Effects of molecular weight and pyridinium moiety on water-soluble chitosan derivatives for mediated gene delivery

The aim of this study is to investigate the effects of molecular weight, the pyridinium/trimethyl ammonium (Py/Tr) ratio, the nitrogen atoms (N) in the methylated N-(3-pyridylmethyl) chitosan chloride (M3-PyMeChC)/the phosphorus atoms (P) in DNA (N/P) ratio, and the physicochemical properties of nanopolyplexes on transfection efficiency. The water-soluble chitosan derivative, M3-PyMeChC, was used as a non-viral vector to deliver pEGFP-C2 into human hepatoma (Huh7) cell lines. The results revealed that higher molecular weight M3-PyMeChC was able to form complexes completely with DNA at lower N/P ratios than that with lower molecular weights, which led to higher transfection efficiency. Moreover, the M3-PyMeChC with higher Py/Tr ratios showed superior transfection efficiency at lower Py/Tr ratios at all N/P ratios studied. The highest transfection efficiency for the nanopolyplexes occurred for a molecular weight of 82 kDa at a N/P ratio of 5. The results indicated that the hydrophobic effect of pyridinium moiety could enhance gene transfection efficiency, which can be attributed to the dissociation of DNA from nanopolyplexes.

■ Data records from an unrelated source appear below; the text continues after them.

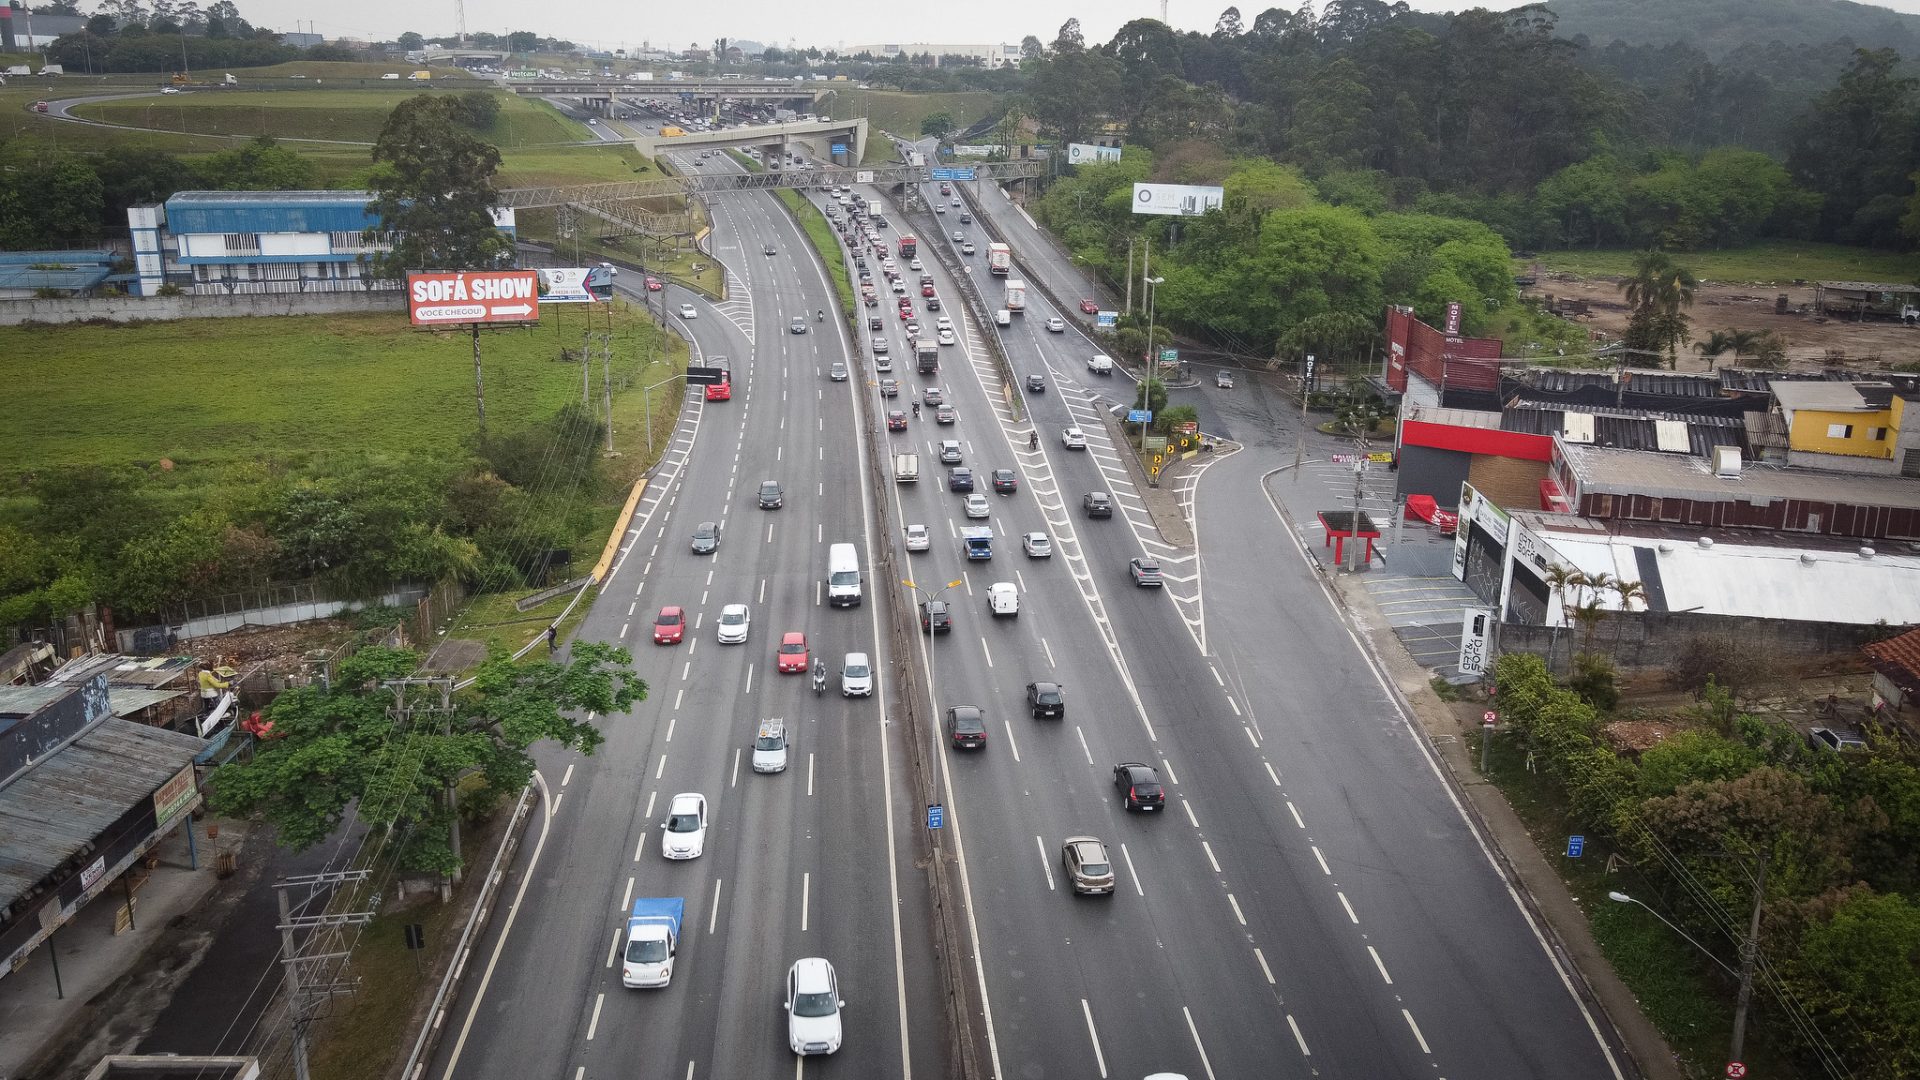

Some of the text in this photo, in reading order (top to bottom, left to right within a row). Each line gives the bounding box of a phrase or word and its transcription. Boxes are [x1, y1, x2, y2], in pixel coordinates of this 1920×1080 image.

[413, 274, 533, 302] SOFÁ SHOW
[1448, 304, 1459, 331] MOTEL
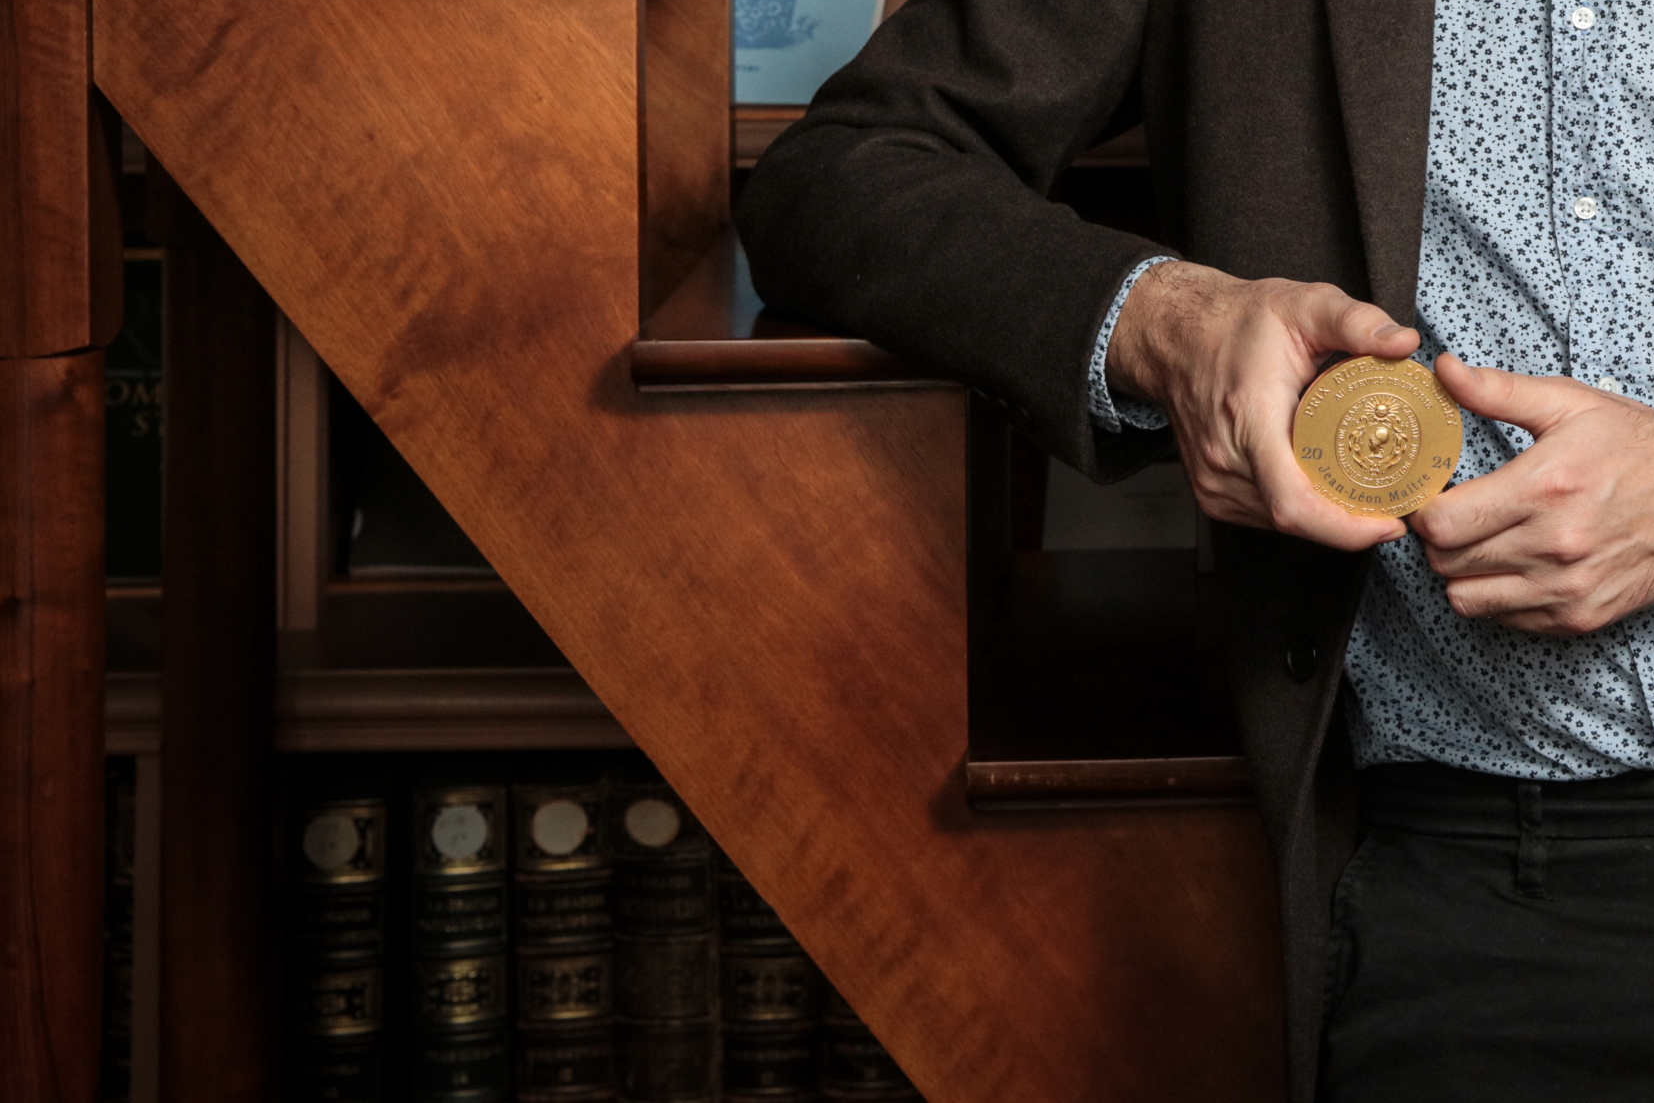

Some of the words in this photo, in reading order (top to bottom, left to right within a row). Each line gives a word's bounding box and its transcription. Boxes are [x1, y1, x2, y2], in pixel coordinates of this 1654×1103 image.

[1304, 387, 1331, 418] PRIX
[1332, 361, 1396, 385] RICHARD
[1334, 389, 1346, 402] AU
[1347, 376, 1385, 392] SERVICE
[1387, 376, 1399, 386] DE
[1301, 446, 1323, 461] 20
[1431, 455, 1452, 469] 24
[1318, 465, 1383, 504] Jean-Léon
[1388, 471, 1431, 503] Maître
[1361, 507, 1376, 517] ET

High Py/Tr ratios in nanopolyplexes tended to decrease cytotoxicity due to delocalization of positive charge into a pyridine ring while high N/P ratios and molecular weight increased cytotoxicity. Our results showed that the vector was able to spread the positive charge by delocalizing it into a heterocyclic ring, suggesting to a promising approach to mediate higher levels of gene transfection.